§ **ACTIVITY**:
Write out all of the entries that follow, word for word, but skip the pictures.

===============

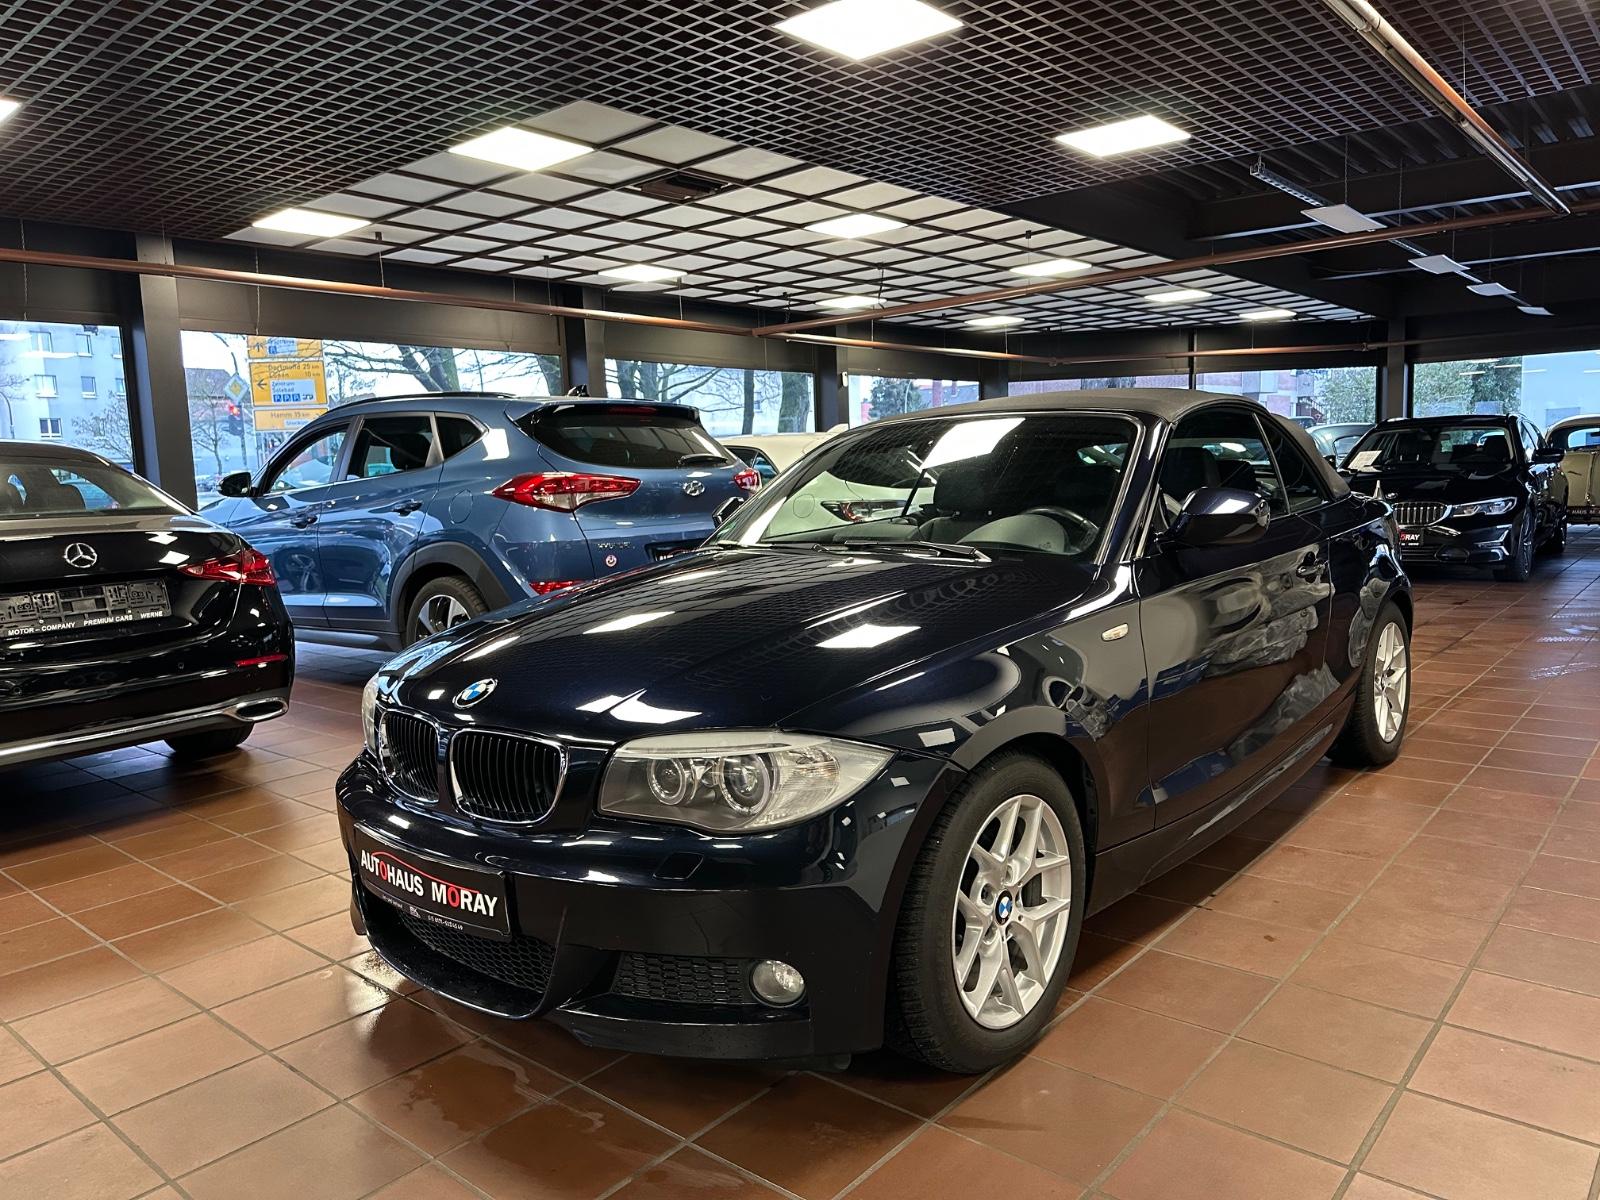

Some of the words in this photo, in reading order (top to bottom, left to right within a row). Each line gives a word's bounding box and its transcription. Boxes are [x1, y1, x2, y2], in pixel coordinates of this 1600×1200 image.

[8, 627, 35, 636] MOTOR
[41, 621, 76, 632] COMPANY
[83, 617, 115, 626] PREMIUM
[115, 614, 133, 623] CARS
[140, 611, 163, 619] WERNE
[360, 849, 424, 897] AUTOHAUS
[431, 881, 498, 917] MORAY
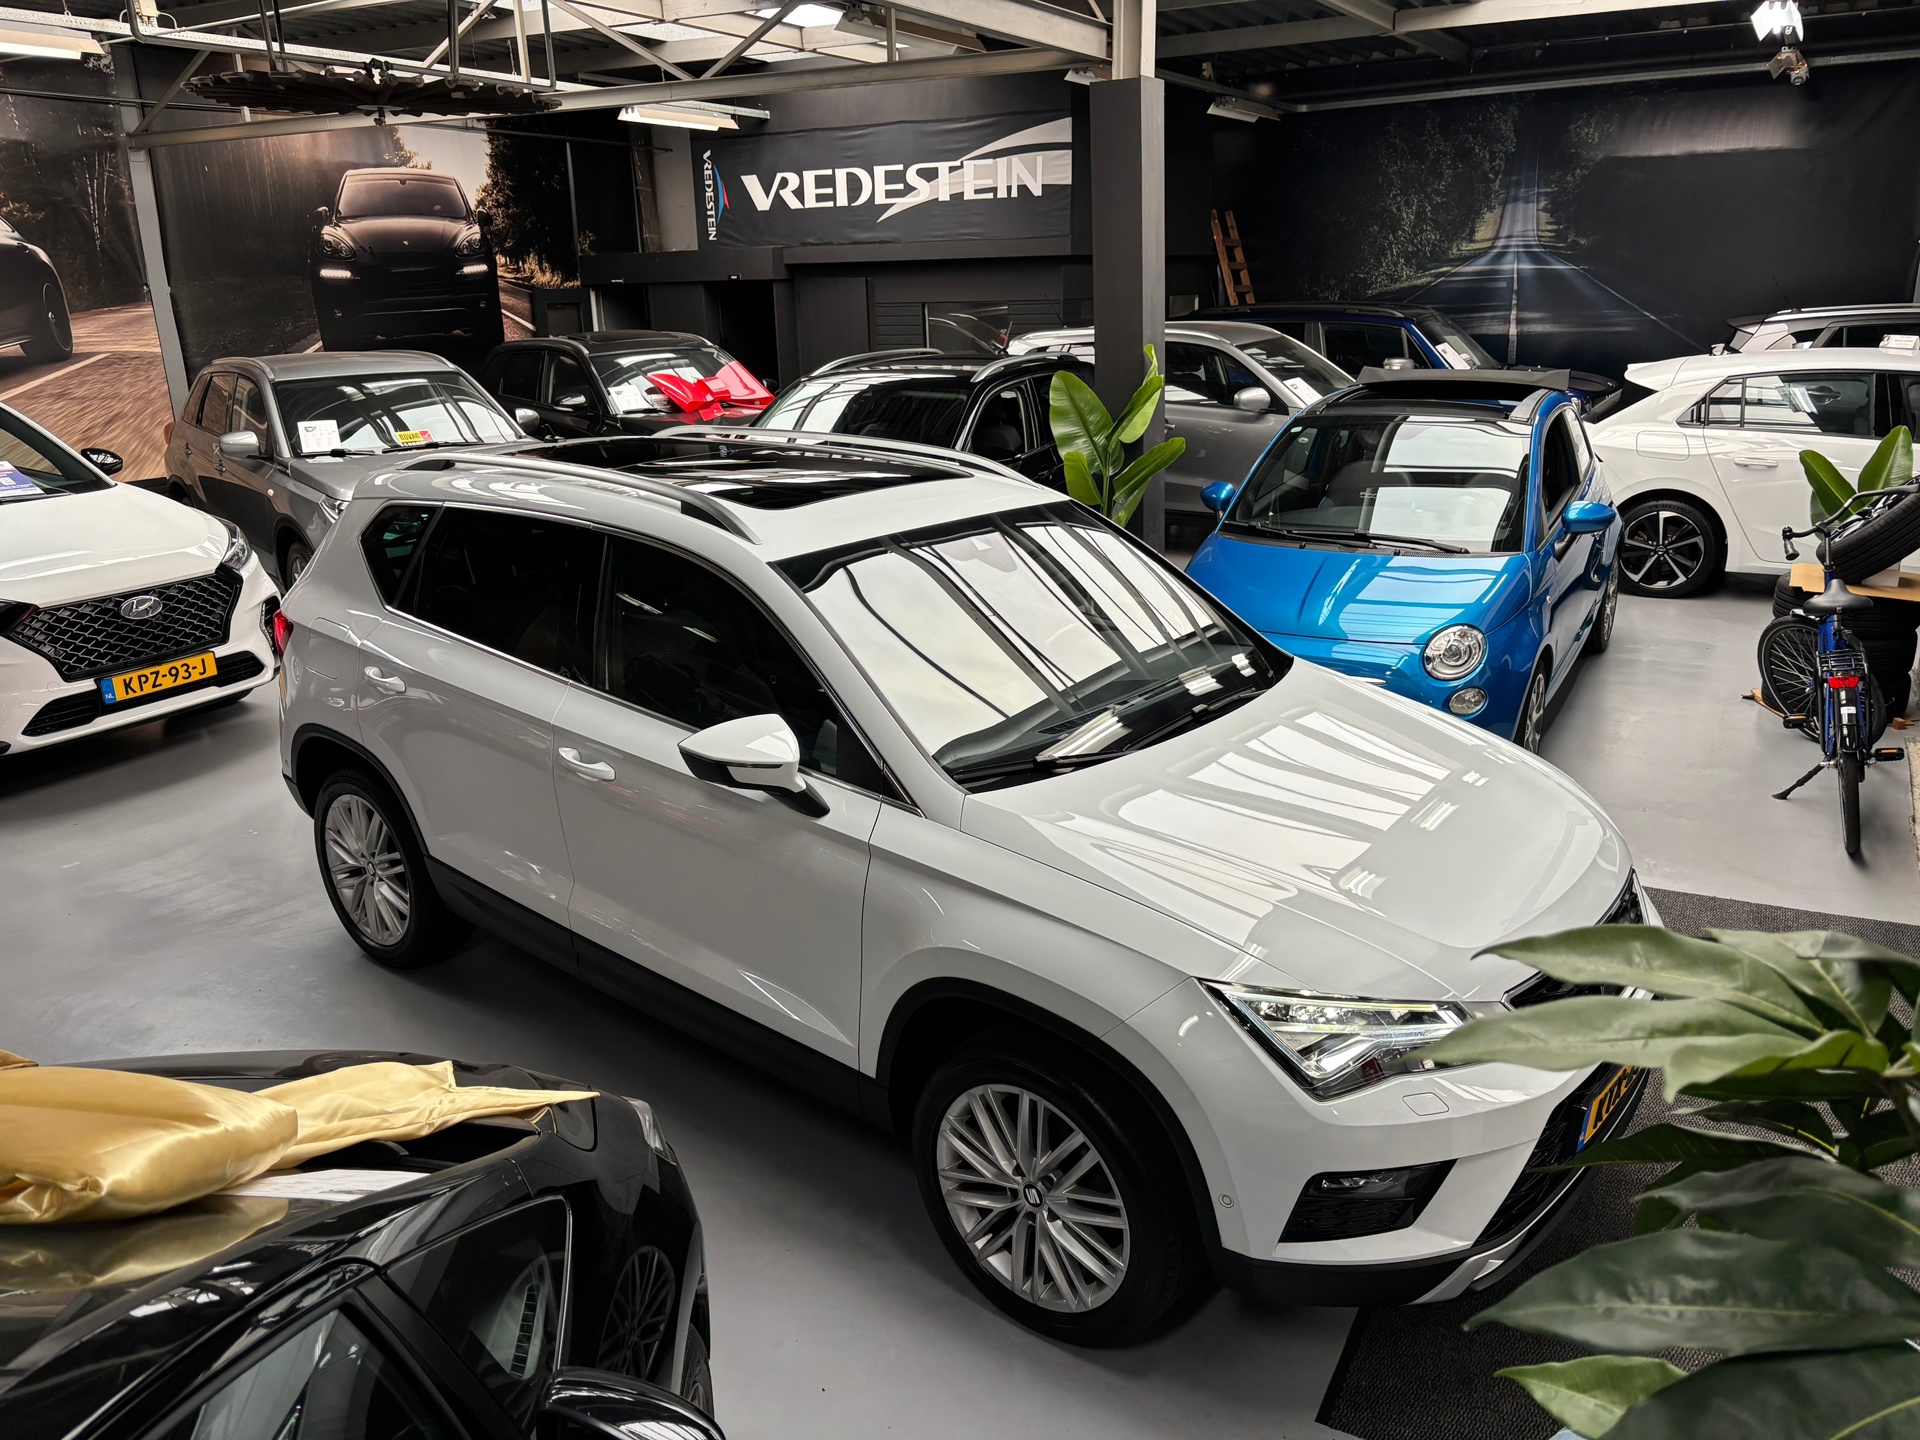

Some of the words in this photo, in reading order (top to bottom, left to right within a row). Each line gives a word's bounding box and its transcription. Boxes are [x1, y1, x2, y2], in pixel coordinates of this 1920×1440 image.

===============

§ **TASK RESPONSE**:
Some of the words in this photo, in reading order (top to bottom, left to right within a row). Each line gives a word's bounding box and its transcription. Boxes are [x1, y1, x2, y2], in pixel coordinates of this 1600×1200 image.

[8, 627, 35, 636] MOTOR
[41, 621, 76, 632] COMPANY
[83, 617, 115, 626] PREMIUM
[115, 614, 133, 623] CARS
[140, 611, 163, 619] WERNE
[360, 849, 424, 897] AUTOHAUS
[431, 881, 498, 917] MORAY

Some of the words in this photo, in reading order (top to bottom, left to right within a row). Each line gives a word's bounding box and its transcription. Boxes are [x1, y1, x2, y2], in pixel coordinates of this 1920×1440 image.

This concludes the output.